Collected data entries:
BEGIN

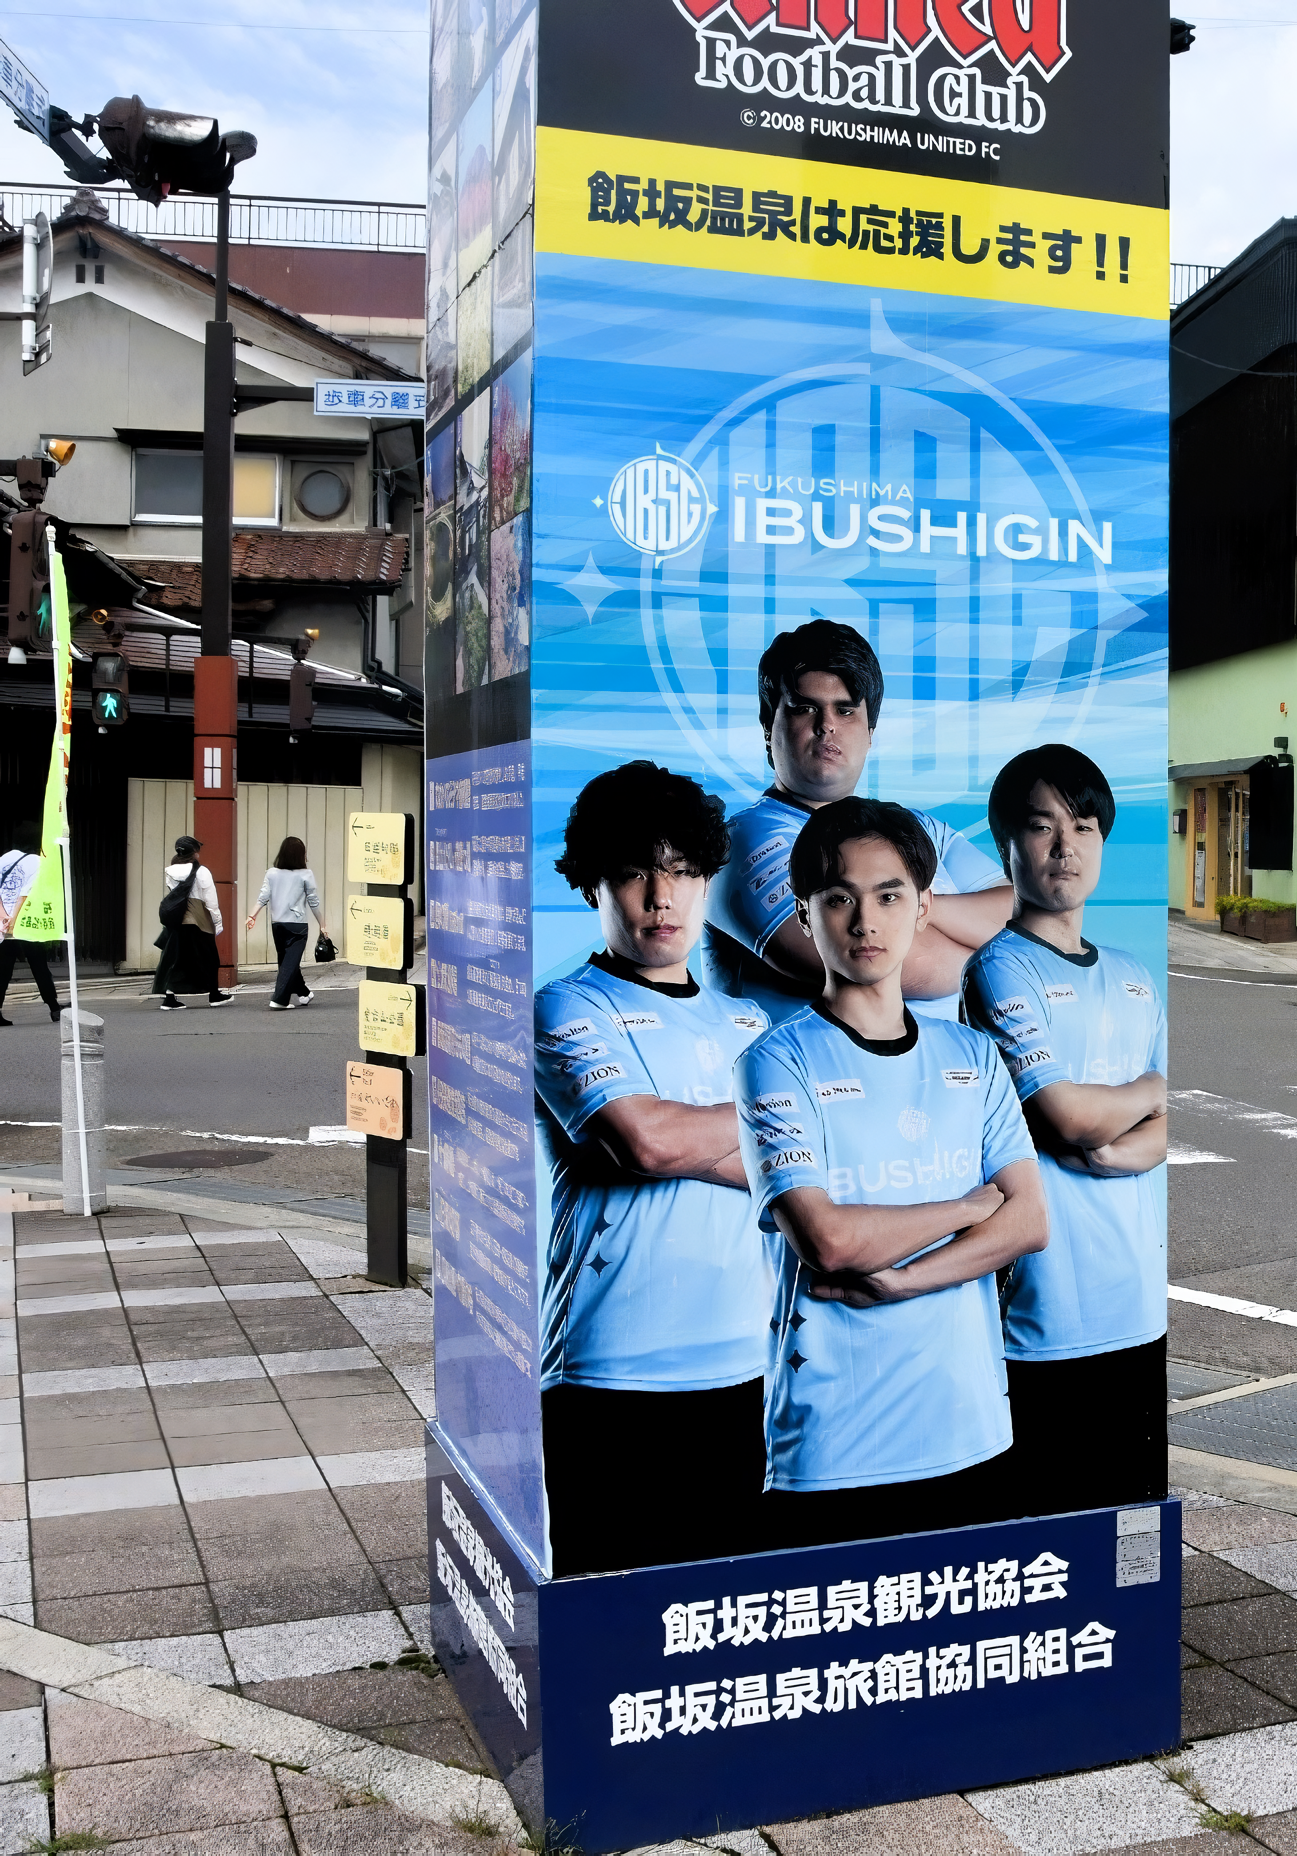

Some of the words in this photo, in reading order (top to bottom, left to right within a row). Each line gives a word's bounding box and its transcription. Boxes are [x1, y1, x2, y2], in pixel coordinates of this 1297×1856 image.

[696, 30, 919, 114] Football
[928, 66, 1046, 133] Club
[760, 110, 804, 132] 2008
[810, 117, 911, 148] FUKUSHIMA
[916, 132, 976, 156] UNITED
[980, 141, 1001, 160] FC
[734, 472, 913, 502] FUKUSHIMA
[733, 496, 1112, 565] IBUSHIGIN
[584, 1065, 621, 1088] ZION
[773, 1149, 813, 1168] ZION
[661, 1551, 1069, 1656] 飯坂温泉観光協会
[608, 1621, 1116, 1747] 飯坂温泉旅館協同組合
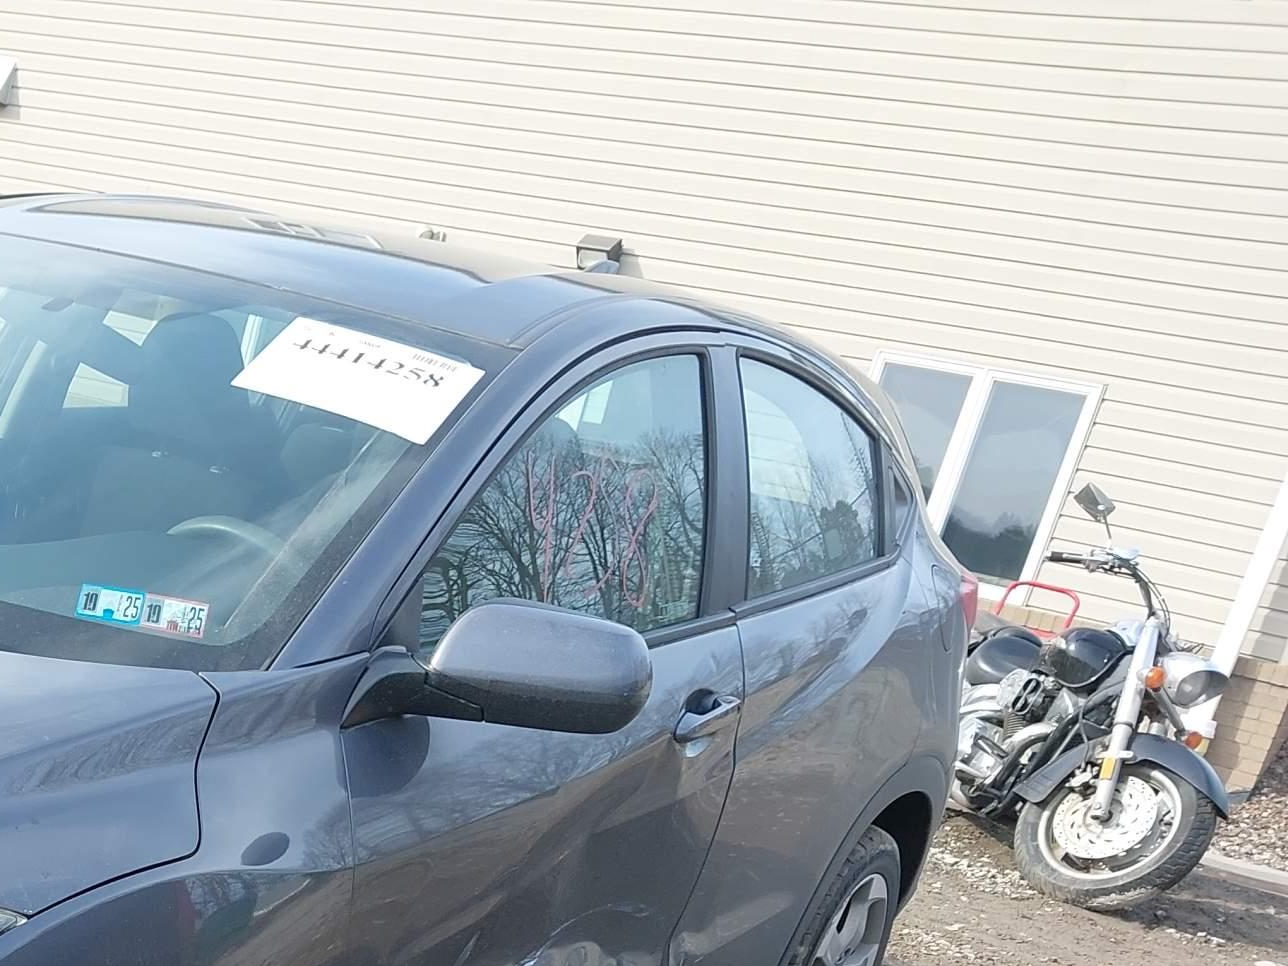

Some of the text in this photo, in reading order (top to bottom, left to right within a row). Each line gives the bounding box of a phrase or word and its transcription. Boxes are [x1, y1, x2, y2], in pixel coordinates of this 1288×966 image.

[293, 339, 445, 388] 44414258
[123, 596, 141, 619] 25
[187, 606, 205, 631] 25
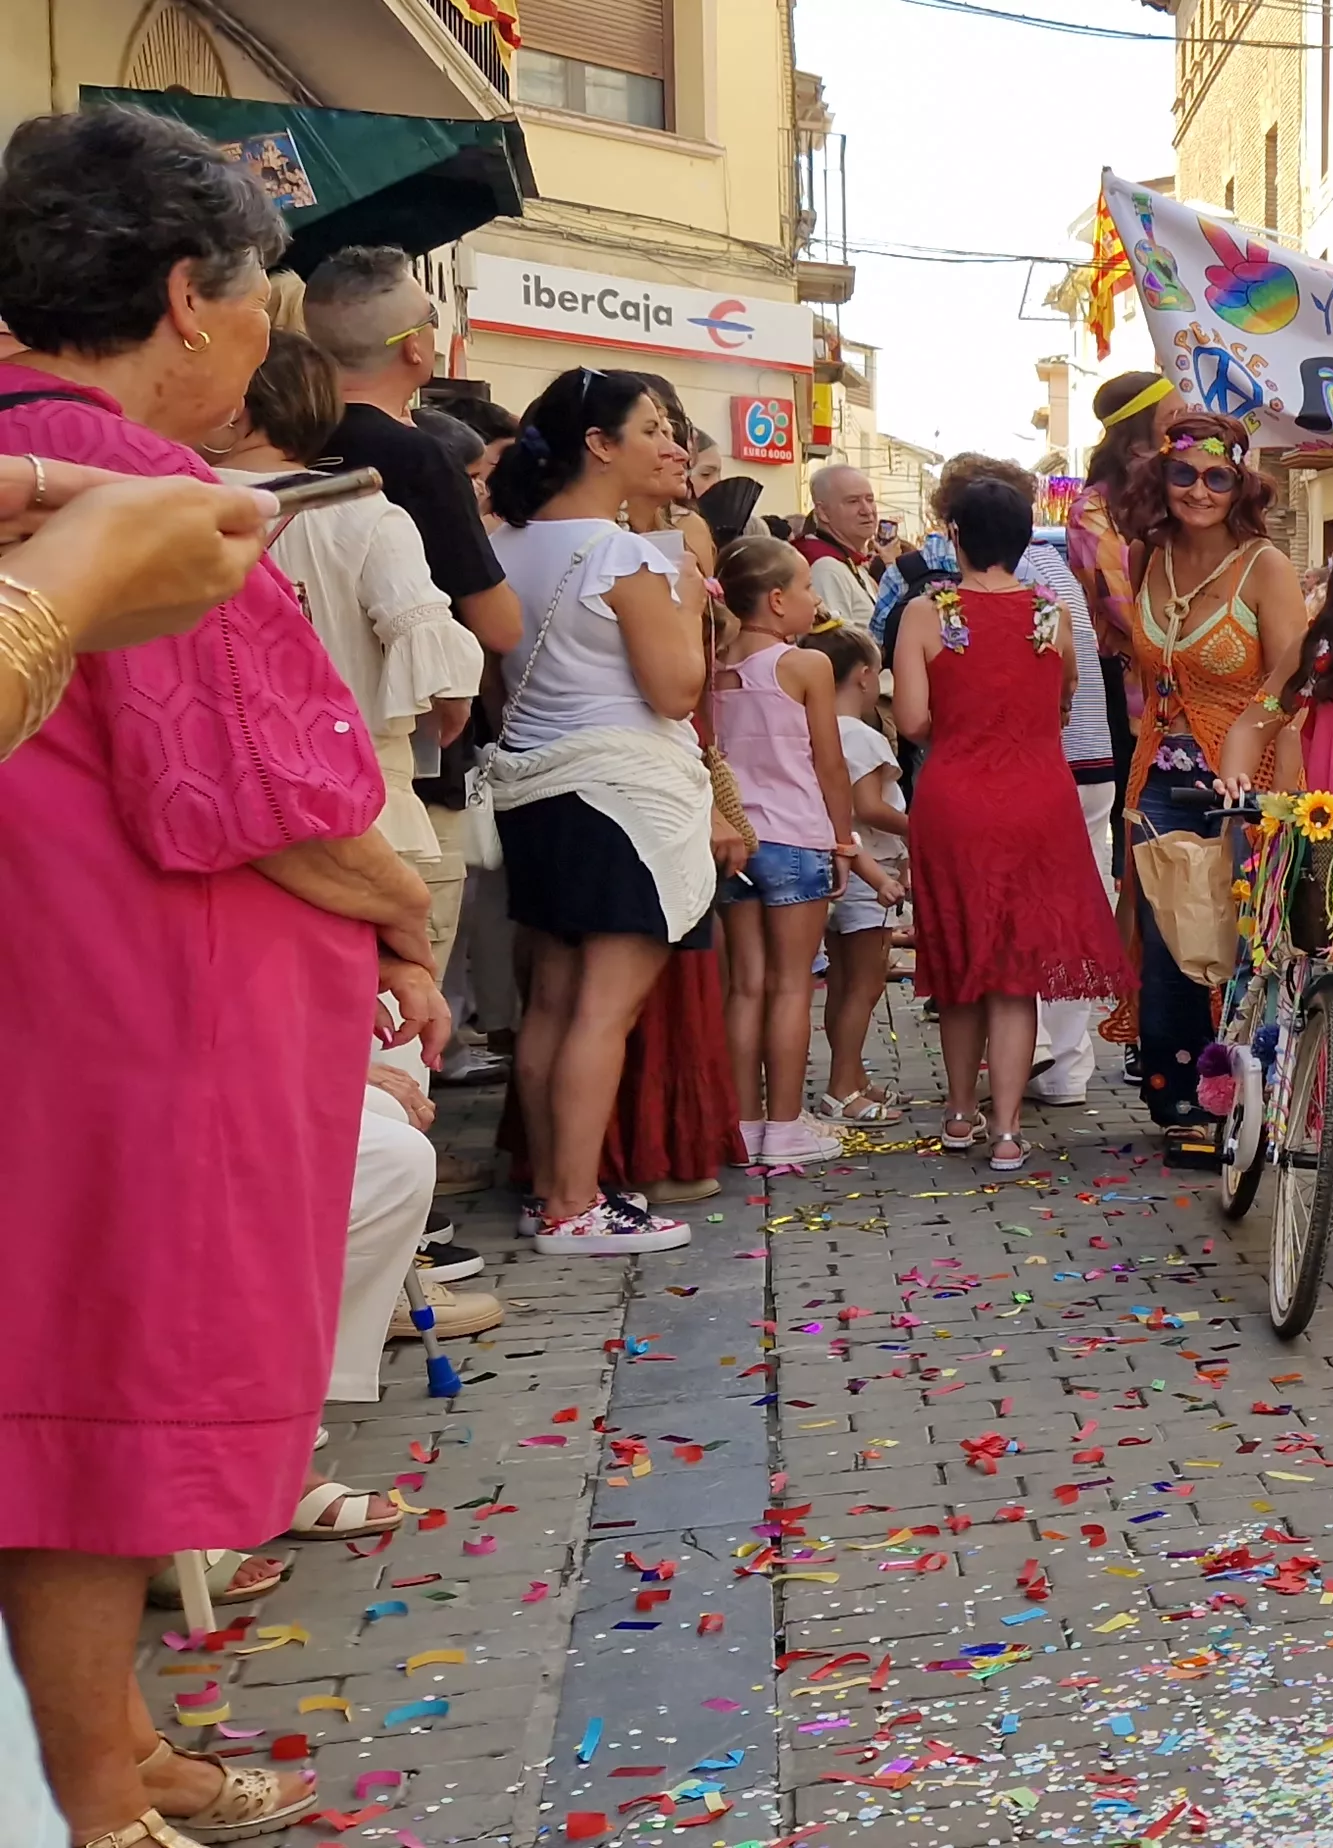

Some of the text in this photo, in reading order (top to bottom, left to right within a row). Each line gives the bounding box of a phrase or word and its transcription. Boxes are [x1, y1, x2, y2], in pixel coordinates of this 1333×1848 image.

[522, 273, 673, 333] iberCaja
[1173, 320, 1270, 378] PEACE
[743, 446, 792, 461] EURO 6000
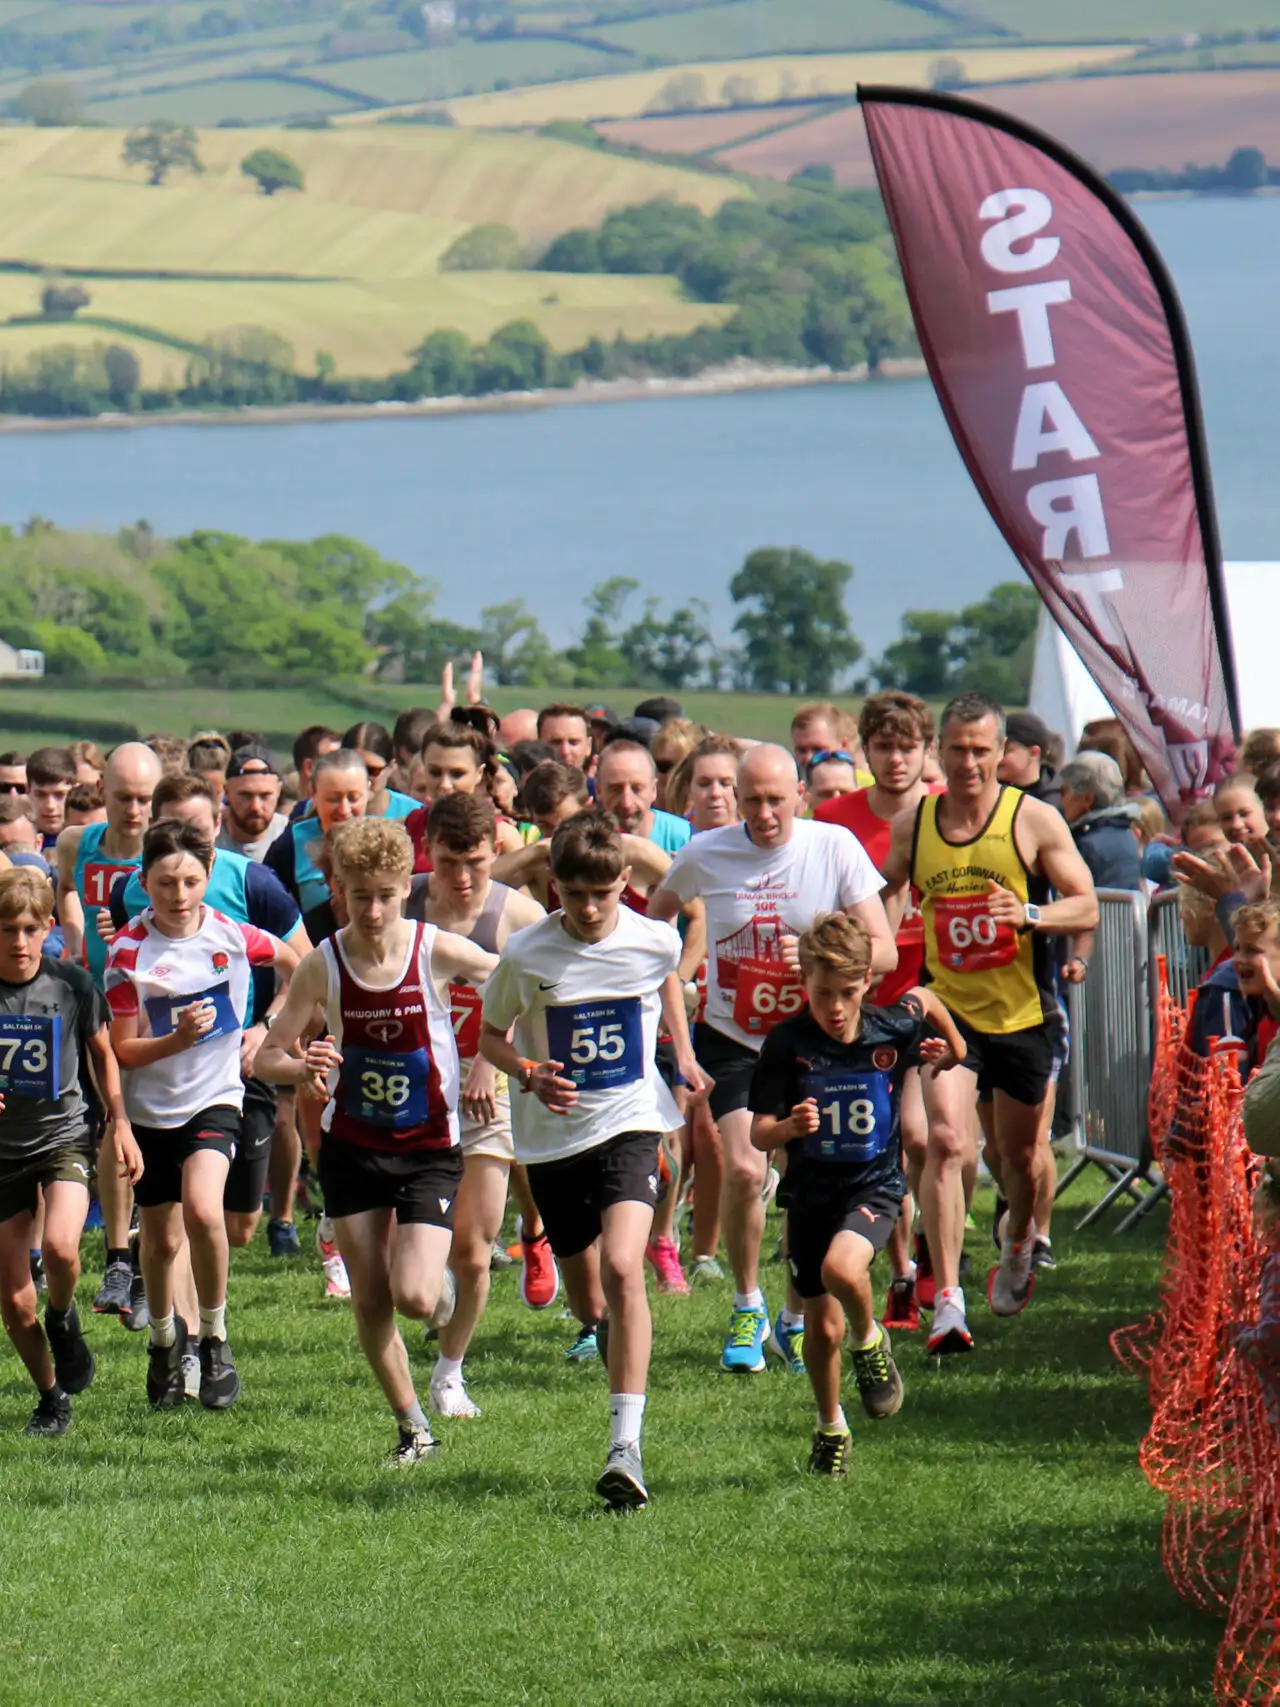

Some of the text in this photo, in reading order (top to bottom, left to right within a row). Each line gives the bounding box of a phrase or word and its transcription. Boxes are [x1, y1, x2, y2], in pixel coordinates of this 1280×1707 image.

END

EXERCISE DIRECTIONS:
Without including the pictures, copy all of the data exactly.

YOUR RESPONSE:
Some of the words in this photo, in reading order (top to bottom, left to right within a row). Each line gives a word's bounding box and its transcription. Boxes are [x1, y1, x2, y2], in pixel coordinates of this 1297×1856 image.

[696, 30, 919, 114] Football
[928, 66, 1046, 133] Club
[760, 110, 804, 132] 2008
[810, 117, 911, 148] FUKUSHIMA
[916, 132, 976, 156] UNITED
[980, 141, 1001, 160] FC
[734, 472, 913, 502] FUKUSHIMA
[733, 496, 1112, 565] IBUSHIGIN
[584, 1065, 621, 1088] ZION
[773, 1149, 813, 1168] ZION
[661, 1551, 1069, 1656] 飯坂温泉観光協会
[608, 1621, 1116, 1747] 飯坂温泉旅館協同組合

Some of the text in this photo, in reading order (top to bottom, left to right within a row). Each line gives the bounding box of a phrase or word and its transcription. Boxes are [x1, y1, x2, y2], in pixel coordinates of this 1288×966 image.

[293, 339, 445, 388] 44414258
[123, 596, 141, 619] 25
[187, 606, 205, 631] 25

Some of the text in this photo, in reading order (top to bottom, left to right within a row). Each line gives the bounding box of a phrase or word and its transcription. Boxes are [x1, y1, x2, y2], in pixel coordinates of this 1333×1848 image.

[522, 273, 673, 333] iberCaja
[1173, 320, 1270, 378] PEACE
[743, 446, 792, 461] EURO 6000

Some of the text in this photo, in reading order (top to bottom, left to right within a row). Each line gives the bounding box of a phrase or word and its transcription. Boxes are [x1, y1, x2, y2], in pixel coordinates of this 1280×1707 image.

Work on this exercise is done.